-- Opening Marker --
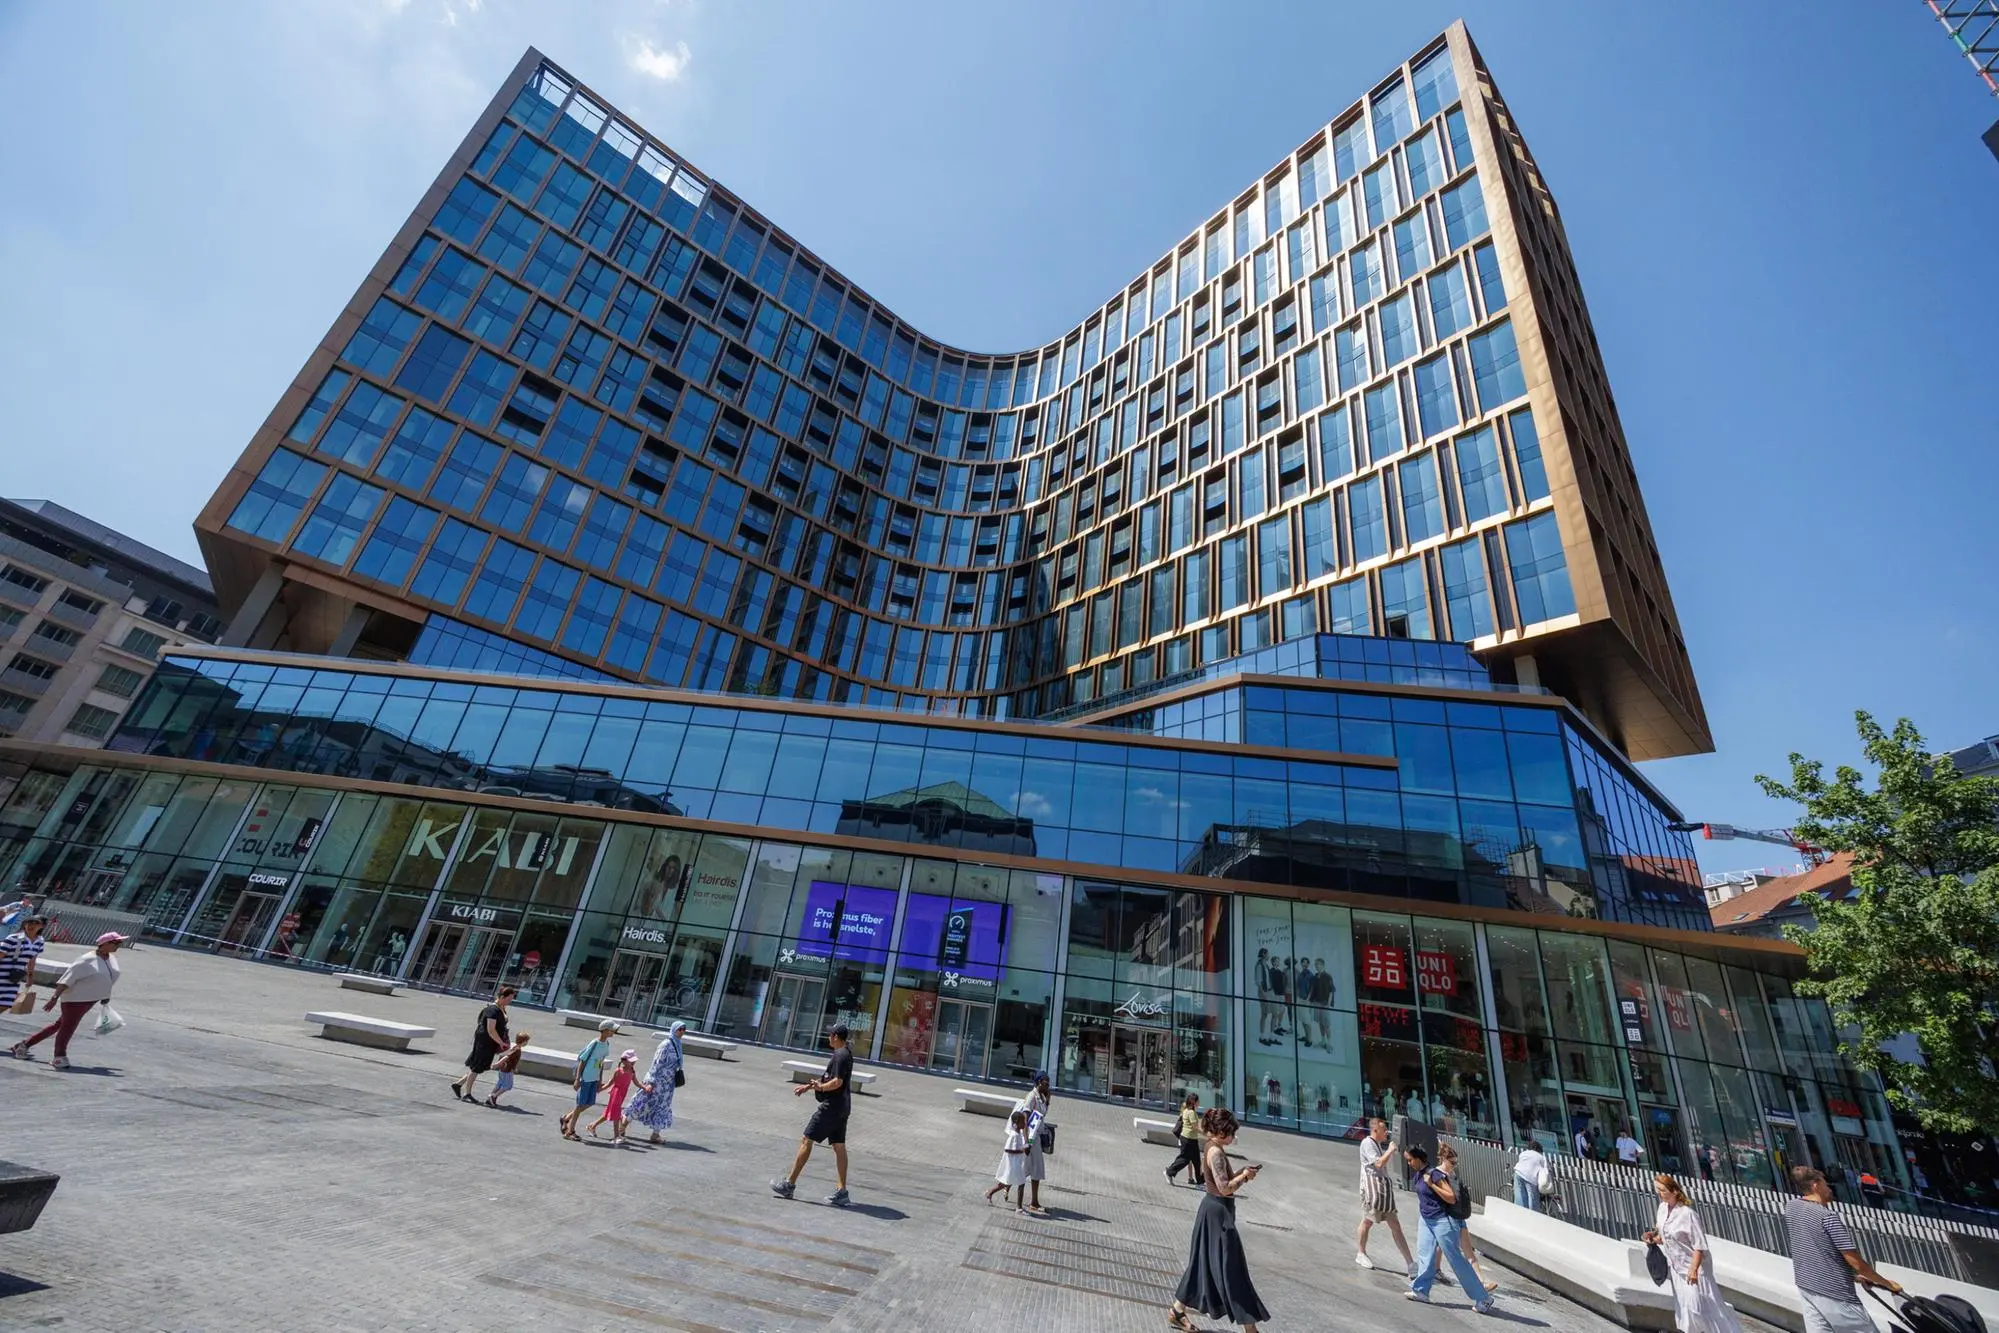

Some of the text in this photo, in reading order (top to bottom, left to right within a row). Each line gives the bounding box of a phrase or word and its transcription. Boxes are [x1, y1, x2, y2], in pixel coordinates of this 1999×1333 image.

[248, 873, 288, 887] COURIR
[451, 904, 498, 922] KIABI
[860, 913, 884, 925] fiber
[622, 925, 667, 944] Hairdis.
[813, 917, 877, 937] is he snelste,
[795, 952, 827, 964] proximus
[1416, 955, 1447, 973] UNI
[960, 976, 993, 987] proximus
[1419, 972, 1452, 991] QLO
[1114, 991, 1169, 1020] Lovisa
-- Closing Marker --
**What you have to do:** Omitting the pictures, copy each record above exactly as it stands.

**Answer section:**
Some of the text in this photo, in reading order (top to bottom, left to right within a row). Each line gives the bounding box of a phrase or word and its transcription. Boxes are [x1, y1, x2, y2], in pixel coordinates of this 1999×1333 image.

[248, 873, 288, 887] COURIR
[451, 904, 498, 922] KIABI
[860, 913, 884, 925] fiber
[622, 925, 667, 944] Hairdis.
[813, 917, 877, 937] is he snelste,
[795, 952, 827, 964] proximus
[1416, 955, 1447, 973] UNI
[960, 976, 993, 987] proximus
[1419, 972, 1452, 991] QLO
[1114, 991, 1169, 1020] Lovisa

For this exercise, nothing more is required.